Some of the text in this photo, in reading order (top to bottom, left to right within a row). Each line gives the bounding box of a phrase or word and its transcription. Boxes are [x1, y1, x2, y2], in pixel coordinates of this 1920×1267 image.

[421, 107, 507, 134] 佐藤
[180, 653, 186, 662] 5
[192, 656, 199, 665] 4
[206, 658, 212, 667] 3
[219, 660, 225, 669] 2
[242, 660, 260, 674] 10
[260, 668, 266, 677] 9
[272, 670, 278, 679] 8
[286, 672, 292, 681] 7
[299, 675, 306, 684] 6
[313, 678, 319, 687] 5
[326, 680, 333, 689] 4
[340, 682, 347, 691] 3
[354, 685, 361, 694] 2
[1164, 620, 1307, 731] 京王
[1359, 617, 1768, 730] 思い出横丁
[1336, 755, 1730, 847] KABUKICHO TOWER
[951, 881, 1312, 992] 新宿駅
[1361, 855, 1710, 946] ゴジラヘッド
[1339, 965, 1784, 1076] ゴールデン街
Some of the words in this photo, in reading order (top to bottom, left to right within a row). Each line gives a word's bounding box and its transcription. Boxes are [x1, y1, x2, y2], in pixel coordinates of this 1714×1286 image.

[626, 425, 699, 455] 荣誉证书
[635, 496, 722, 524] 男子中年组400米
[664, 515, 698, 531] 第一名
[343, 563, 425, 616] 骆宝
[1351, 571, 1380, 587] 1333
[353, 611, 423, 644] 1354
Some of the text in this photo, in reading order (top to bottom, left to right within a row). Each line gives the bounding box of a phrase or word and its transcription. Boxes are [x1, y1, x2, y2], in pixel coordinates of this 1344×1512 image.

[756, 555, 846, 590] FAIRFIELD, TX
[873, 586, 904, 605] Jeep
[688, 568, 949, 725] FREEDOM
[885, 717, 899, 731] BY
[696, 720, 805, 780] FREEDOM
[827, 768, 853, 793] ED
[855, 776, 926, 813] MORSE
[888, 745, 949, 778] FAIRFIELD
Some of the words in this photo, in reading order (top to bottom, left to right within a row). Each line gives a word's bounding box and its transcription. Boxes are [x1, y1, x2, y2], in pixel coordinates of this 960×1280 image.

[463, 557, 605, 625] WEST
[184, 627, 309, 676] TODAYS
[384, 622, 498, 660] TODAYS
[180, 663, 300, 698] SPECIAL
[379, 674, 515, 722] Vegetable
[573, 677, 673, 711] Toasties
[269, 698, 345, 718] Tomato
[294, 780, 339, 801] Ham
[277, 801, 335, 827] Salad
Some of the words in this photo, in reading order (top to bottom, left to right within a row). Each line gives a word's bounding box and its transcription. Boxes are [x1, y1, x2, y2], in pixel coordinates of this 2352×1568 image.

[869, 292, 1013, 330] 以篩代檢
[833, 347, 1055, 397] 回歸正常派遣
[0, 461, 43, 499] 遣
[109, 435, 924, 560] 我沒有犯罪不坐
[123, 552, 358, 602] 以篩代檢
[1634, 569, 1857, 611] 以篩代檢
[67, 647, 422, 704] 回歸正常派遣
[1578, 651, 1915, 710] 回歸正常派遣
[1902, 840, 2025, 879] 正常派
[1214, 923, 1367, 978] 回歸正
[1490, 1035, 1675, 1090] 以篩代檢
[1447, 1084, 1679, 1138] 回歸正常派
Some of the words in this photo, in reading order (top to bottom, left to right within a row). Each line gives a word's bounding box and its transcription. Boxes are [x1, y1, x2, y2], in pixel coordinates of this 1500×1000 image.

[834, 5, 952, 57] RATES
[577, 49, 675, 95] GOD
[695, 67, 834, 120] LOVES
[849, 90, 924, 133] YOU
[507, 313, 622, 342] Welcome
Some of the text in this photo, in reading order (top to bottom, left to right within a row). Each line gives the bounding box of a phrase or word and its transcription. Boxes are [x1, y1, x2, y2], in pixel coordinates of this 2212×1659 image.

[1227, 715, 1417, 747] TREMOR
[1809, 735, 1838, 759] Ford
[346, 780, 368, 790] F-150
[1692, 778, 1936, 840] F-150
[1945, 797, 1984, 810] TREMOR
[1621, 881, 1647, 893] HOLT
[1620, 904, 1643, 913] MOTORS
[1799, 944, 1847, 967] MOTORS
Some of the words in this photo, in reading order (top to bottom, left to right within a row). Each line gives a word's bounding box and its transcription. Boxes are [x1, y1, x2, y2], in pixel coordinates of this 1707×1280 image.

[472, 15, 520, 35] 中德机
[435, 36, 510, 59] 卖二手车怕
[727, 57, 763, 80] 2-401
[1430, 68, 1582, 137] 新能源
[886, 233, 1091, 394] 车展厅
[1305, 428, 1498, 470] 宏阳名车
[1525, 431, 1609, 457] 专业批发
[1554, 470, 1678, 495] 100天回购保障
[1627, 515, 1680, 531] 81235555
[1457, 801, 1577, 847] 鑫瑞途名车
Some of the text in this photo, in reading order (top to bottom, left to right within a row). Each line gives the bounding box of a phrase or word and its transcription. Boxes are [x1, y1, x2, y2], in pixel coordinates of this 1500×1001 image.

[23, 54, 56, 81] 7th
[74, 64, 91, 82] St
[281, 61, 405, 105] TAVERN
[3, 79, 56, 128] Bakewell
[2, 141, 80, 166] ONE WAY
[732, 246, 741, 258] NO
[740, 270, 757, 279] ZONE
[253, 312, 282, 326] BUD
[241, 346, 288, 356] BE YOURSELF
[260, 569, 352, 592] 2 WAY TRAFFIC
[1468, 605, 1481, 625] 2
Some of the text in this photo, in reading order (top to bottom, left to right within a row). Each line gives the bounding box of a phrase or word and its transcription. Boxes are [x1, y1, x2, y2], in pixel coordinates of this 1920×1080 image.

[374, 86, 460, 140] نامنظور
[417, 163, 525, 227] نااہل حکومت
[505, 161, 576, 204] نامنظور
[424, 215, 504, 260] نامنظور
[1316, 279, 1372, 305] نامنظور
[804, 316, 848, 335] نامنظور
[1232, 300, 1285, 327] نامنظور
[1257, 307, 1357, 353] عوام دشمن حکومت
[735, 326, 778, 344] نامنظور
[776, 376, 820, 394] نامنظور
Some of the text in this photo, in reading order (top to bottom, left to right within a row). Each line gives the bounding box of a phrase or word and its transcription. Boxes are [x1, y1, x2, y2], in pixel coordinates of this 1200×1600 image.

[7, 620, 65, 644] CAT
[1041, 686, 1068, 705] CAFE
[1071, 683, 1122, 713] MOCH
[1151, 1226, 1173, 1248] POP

━━━━

### Task goal
Retype the data exactly as it reads.

### Result of the task
Some of the text in this photo, in reading order (top to bottom, left to right within a row). Each line gives the bounding box of a phrase or word and its transcription. Boxes are [x1, y1, x2, y2], in pixel coordinates of this 1920×1267 image.

[421, 107, 507, 134] 佐藤
[180, 653, 186, 662] 5
[192, 656, 199, 665] 4
[206, 658, 212, 667] 3
[219, 660, 225, 669] 2
[242, 660, 260, 674] 10
[260, 668, 266, 677] 9
[272, 670, 278, 679] 8
[286, 672, 292, 681] 7
[299, 675, 306, 684] 6
[313, 678, 319, 687] 5
[326, 680, 333, 689] 4
[340, 682, 347, 691] 3
[354, 685, 361, 694] 2
[1164, 620, 1307, 731] 京王
[1359, 617, 1768, 730] 思い出横丁
[1336, 755, 1730, 847] KABUKICHO TOWER
[951, 881, 1312, 992] 新宿駅
[1361, 855, 1710, 946] ゴジラヘッド
[1339, 965, 1784, 1076] ゴールデン街
Some of the words in this photo, in reading order (top to bottom, left to right within a row). Each line gives a word's bounding box and its transcription. Boxes are [x1, y1, x2, y2], in pixel coordinates of this 1714×1286 image.

[626, 425, 699, 455] 荣誉证书
[635, 496, 722, 524] 男子中年组400米
[664, 515, 698, 531] 第一名
[343, 563, 425, 616] 骆宝
[1351, 571, 1380, 587] 1333
[353, 611, 423, 644] 1354
Some of the text in this photo, in reading order (top to bottom, left to right within a row). Each line gives the bounding box of a phrase or word and its transcription. Boxes are [x1, y1, x2, y2], in pixel coordinates of this 1344×1512 image.

[756, 555, 846, 590] FAIRFIELD, TX
[873, 586, 904, 605] Jeep
[688, 568, 949, 725] FREEDOM
[885, 717, 899, 731] BY
[696, 720, 805, 780] FREEDOM
[827, 768, 853, 793] ED
[855, 776, 926, 813] MORSE
[888, 745, 949, 778] FAIRFIELD
Some of the words in this photo, in reading order (top to bottom, left to right within a row). Each line gives a word's bounding box and its transcription. Boxes are [x1, y1, x2, y2], in pixel coordinates of this 960×1280 image.

[463, 557, 605, 625] WEST
[184, 627, 309, 676] TODAYS
[384, 622, 498, 660] TODAYS
[180, 663, 300, 698] SPECIAL
[379, 674, 515, 722] Vegetable
[573, 677, 673, 711] Toasties
[269, 698, 345, 718] Tomato
[294, 780, 339, 801] Ham
[277, 801, 335, 827] Salad
Some of the words in this photo, in reading order (top to bottom, left to right within a row). Each line gives a word's bounding box and its transcription. Boxes are [x1, y1, x2, y2], in pixel coordinates of this 2352×1568 image.

[869, 292, 1013, 330] 以篩代檢
[833, 347, 1055, 397] 回歸正常派遣
[0, 461, 43, 499] 遣
[109, 435, 924, 560] 我沒有犯罪不坐
[123, 552, 358, 602] 以篩代檢
[1634, 569, 1857, 611] 以篩代檢
[67, 647, 422, 704] 回歸正常派遣
[1578, 651, 1915, 710] 回歸正常派遣
[1902, 840, 2025, 879] 正常派
[1214, 923, 1367, 978] 回歸正
[1490, 1035, 1675, 1090] 以篩代檢
[1447, 1084, 1679, 1138] 回歸正常派
Some of the words in this photo, in reading order (top to bottom, left to right within a row). Each line gives a word's bounding box and its transcription. Boxes are [x1, y1, x2, y2], in pixel coordinates of this 1500×1000 image.

[834, 5, 952, 57] RATES
[577, 49, 675, 95] GOD
[695, 67, 834, 120] LOVES
[849, 90, 924, 133] YOU
[507, 313, 622, 342] Welcome
Some of the text in this photo, in reading order (top to bottom, left to right within a row). Each line gives the bounding box of a phrase or word and its transcription. Boxes are [x1, y1, x2, y2], in pixel coordinates of this 2212×1659 image.

[1227, 715, 1417, 747] TREMOR
[1809, 735, 1838, 759] Ford
[346, 780, 368, 790] F-150
[1692, 778, 1936, 840] F-150
[1945, 797, 1984, 810] TREMOR
[1621, 881, 1647, 893] HOLT
[1620, 904, 1643, 913] MOTORS
[1799, 944, 1847, 967] MOTORS
Some of the words in this photo, in reading order (top to bottom, left to right within a row). Each line gives a word's bounding box and its transcription. Boxes are [x1, y1, x2, y2], in pixel coordinates of this 1707×1280 image.

[472, 15, 520, 35] 中德机
[435, 36, 510, 59] 卖二手车怕
[727, 57, 763, 80] 2-401
[1430, 68, 1582, 137] 新能源
[886, 233, 1091, 394] 车展厅
[1305, 428, 1498, 470] 宏阳名车
[1525, 431, 1609, 457] 专业批发
[1554, 470, 1678, 495] 100天回购保障
[1627, 515, 1680, 531] 81235555
[1457, 801, 1577, 847] 鑫瑞途名车
Some of the text in this photo, in reading order (top to bottom, left to right within a row). Each line gives the bounding box of a phrase or word and its transcription. Boxes are [x1, y1, x2, y2], in pixel coordinates of this 1500×1001 image.

[23, 54, 56, 81] 7th
[74, 64, 91, 82] St
[281, 61, 405, 105] TAVERN
[3, 79, 56, 128] Bakewell
[2, 141, 80, 166] ONE WAY
[732, 246, 741, 258] NO
[740, 270, 757, 279] ZONE
[253, 312, 282, 326] BUD
[241, 346, 288, 356] BE YOURSELF
[260, 569, 352, 592] 2 WAY TRAFFIC
[1468, 605, 1481, 625] 2
Some of the text in this photo, in reading order (top to bottom, left to right within a row). Each line gives the bounding box of a phrase or word and its transcription. Boxes are [x1, y1, x2, y2], in pixel coordinates of this 1920×1080 image.

[374, 86, 460, 140] نامنظور
[417, 163, 525, 227] نااہل حکومت
[505, 161, 576, 204] نامنظور
[424, 215, 504, 260] نامنظور
[1316, 279, 1372, 305] نامنظور
[804, 316, 848, 335] نامنظور
[1232, 300, 1285, 327] نامنظور
[1257, 307, 1357, 353] عوام دشمن حکومت
[735, 326, 778, 344] نامنظور
[776, 376, 820, 394] نامنظور
Some of the text in this photo, in reading order (top to bottom, left to right within a row). Each line gives the bounding box of a phrase or word and its transcription. Boxes are [x1, y1, x2, y2], in pixel coordinates of this 1200×1600 image.

[7, 620, 65, 644] CAT
[1041, 686, 1068, 705] CAFE
[1071, 683, 1122, 713] MOCH
[1151, 1226, 1173, 1248] POP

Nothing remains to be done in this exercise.